Último adiós de Maximiliano

Abandonado a su suerte por su hermano y separado para siempre de su infeliz mujer (que falleció en 1927), Maximiliano decidió atrincherarse mientras los liberales no cesaron en su empeño hasta convertir México en una república. Así que el emperador acabó por ser capturado en Querétaro y llevado ante un tribunal militar junto a sus leales generales Miguel Miramón y Tomás Mejía. Desoyendo los mensajes de clemencia que llegaban de Europa, el emperador y sus dos compañeros fueron fusilados en el Cerro de las Campanas de aquella ciudad el 19 de junio de 1867. Era la manera de decir al mundo que México no toleraría nunca un gobierno impuesto por las potencias extranjeras.
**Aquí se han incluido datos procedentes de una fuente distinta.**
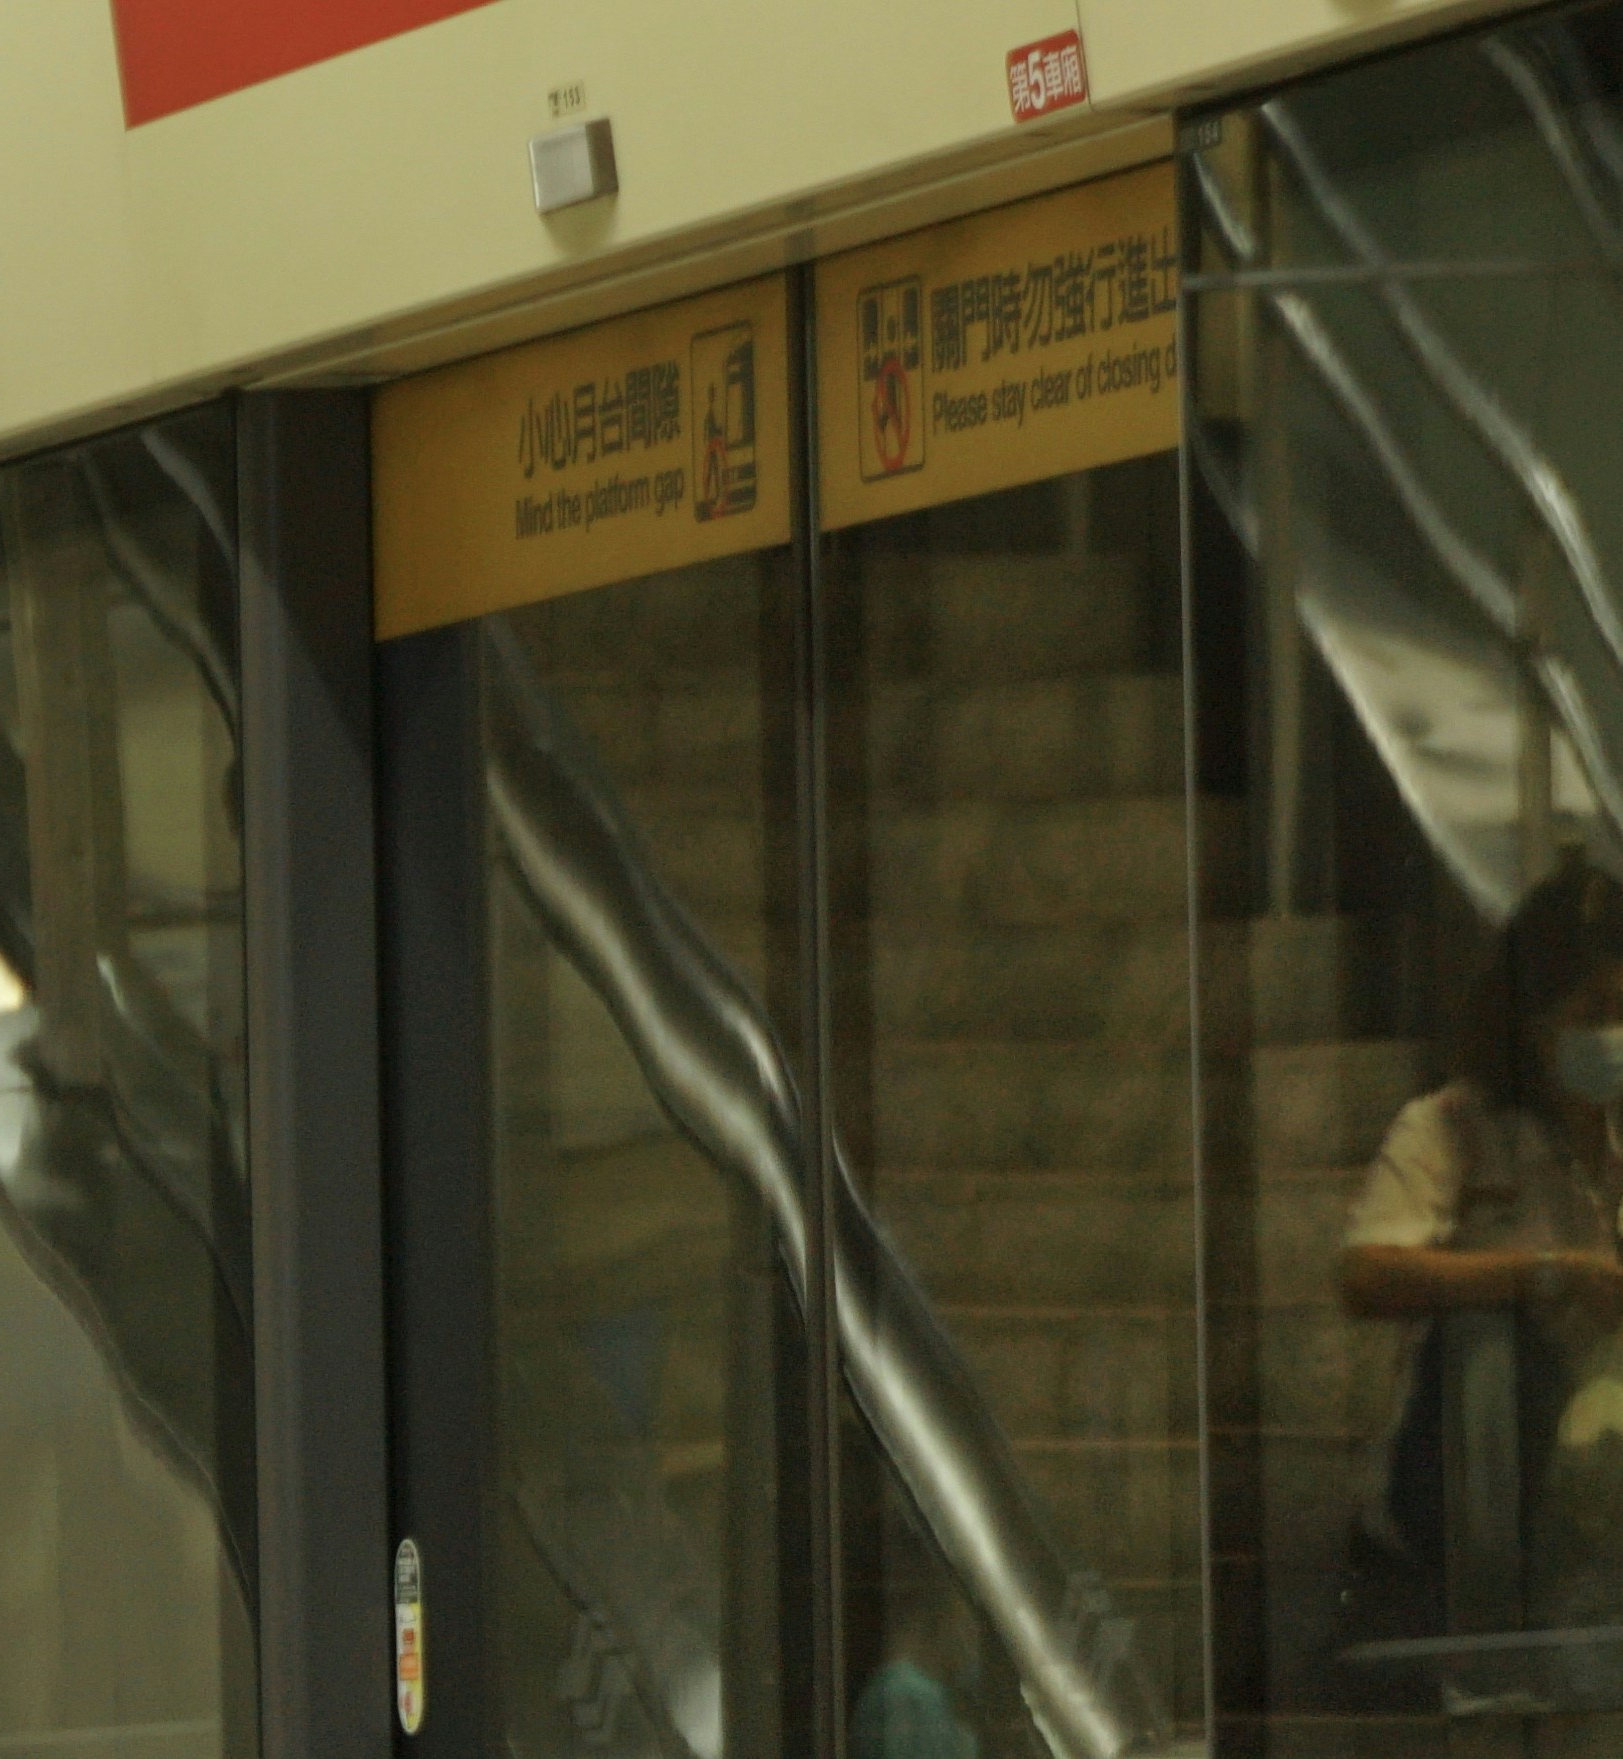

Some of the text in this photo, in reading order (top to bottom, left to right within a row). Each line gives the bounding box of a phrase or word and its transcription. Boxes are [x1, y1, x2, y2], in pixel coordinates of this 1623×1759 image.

[1010, 45, 1082, 113] 第5車廂
[518, 359, 681, 479] 小心月台間隙
[932, 388, 988, 437] Please
[991, 378, 1027, 429] stay
[1030, 365, 1073, 411] clear
[1076, 352, 1094, 400] of
[1097, 342, 1161, 394] closing
[515, 468, 685, 541] Mind the platform gap
"La ejecución del Emperador Maximiliano", de Manet

De ese modo tan trágico es como acababa el II Imperio y comenzaban años de república que se extienden hasta hoy. Una vida corta pero muy intensa la de aquel archiduque Habsburgo amante de la naturaleza y del mar a quien la diosa fortuna le encomendó una tarea extremadamente complicada, sólo apta para espíritus tan inquietos y adelantados a su tiempo como el suyo. Una vida de película digna de cualquier gran estudio de Hollywood y que ha tenido su refrejo literario de distinta manera, siempre al socaire de las tendencias políticas de cada momento. Una de esas pequeñas historias que engrandecen la Historia y que conviene descubrir de vez en cuando.